# Holiday Headboat Suggestions



## Otter (Jun 18, 2004)

I'm on the MD board usually but I'm originally from Longwood (just N of Orlando). I've recently gotten into fishing the bay up here. When I come down for Christmas, I would like to take my brother and father out on a charter or party boat as a gift. 

I would appreciate any advice you guys might have about where to go and any experiences you have had offshore that time of year. Closest thing to us would be the Cape Canaveral area, but we're not opposed to driving some.

Thanks alot.


----------



## redfishjoebob (Feb 10, 2003)

Not that I would be willing to say that any particular party boat is better than any other, but lately after talking to some friends, I have been using the ones up in the ST. augustine and jacksonville areas. I have just had better luck up there. I prefer the K2 in the St. augustine area, they work really hard to put their customers on some good fish. and the prices in the winter, fall time of year ae very reasonable. they have a website as well you can checkout some recent reports and see their up coming schedule. I have put some nice genuines, and a few nice grouper aboard on my last trips. Good Luck 
k2 website


----------



## creek (Dec 16, 2003)

I also live in Longwood. Here is the site for Sunrise marina at PC http://www.sunrisemarina.com/


----------



## Otter (Jun 18, 2004)

great, thanks guys. I've heard that Nov. is one of the best months down there...what about late december? What should I expect?


----------



## Reelbehind (Jul 30, 2003)

The best party boat in the port is 
the Ocean Obsession by far. Lots of Grouper
and Snapper. They really try to put you on the fish.


----------



## Mullet Wrangler (Jul 4, 2003)

I agree with Reelbehind. If you're going out of Port Canaveral, then you can't beat the Ocean Obsession.


----------



## BentHook (Dec 22, 2002)

*Jax Beach Pier Almost Completed*

The new Jacksonville Beach pier should be completely finished by the end of the year. 

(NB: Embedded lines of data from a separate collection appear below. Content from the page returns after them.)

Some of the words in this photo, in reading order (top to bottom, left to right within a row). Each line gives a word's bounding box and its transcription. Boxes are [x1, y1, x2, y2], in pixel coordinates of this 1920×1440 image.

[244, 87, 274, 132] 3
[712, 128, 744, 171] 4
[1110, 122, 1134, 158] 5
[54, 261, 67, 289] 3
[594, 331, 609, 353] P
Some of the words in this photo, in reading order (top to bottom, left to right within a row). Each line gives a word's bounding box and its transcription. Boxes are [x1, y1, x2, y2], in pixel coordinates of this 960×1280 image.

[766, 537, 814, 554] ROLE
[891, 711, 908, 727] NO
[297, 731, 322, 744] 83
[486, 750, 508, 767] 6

It has been more than five years since the old pier was destroyed by Hurricane Floyd. Now Jacksonville Beach is gearing up for the opening of the new pier. Construction on the new pier should be completed by the end of the year. Builders say they have to touch up the parking lot and the seawalk. 

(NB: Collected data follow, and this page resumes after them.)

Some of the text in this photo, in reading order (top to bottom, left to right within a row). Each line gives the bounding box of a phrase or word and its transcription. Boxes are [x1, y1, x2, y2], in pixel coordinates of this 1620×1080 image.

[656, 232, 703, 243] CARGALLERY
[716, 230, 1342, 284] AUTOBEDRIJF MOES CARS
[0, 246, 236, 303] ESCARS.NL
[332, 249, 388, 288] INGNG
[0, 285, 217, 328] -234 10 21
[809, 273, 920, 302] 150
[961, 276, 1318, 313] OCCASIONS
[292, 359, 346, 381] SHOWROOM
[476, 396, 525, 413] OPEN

The project, which cost $3.5 million, has created a pier which is a little over a quarter of a mile long and developers say it is built to withstand almost anything. 

For residents like Greg Field, the new pier will have a special place in their hearts. 

"My dad would take me fishing off both piers when I was three or four," Greg Fields said. "It means a lot to me. It hurt when the old pier got ruined and then torn down. My sons are growing up and they love to fish. This is a great place to keep them out of trouble."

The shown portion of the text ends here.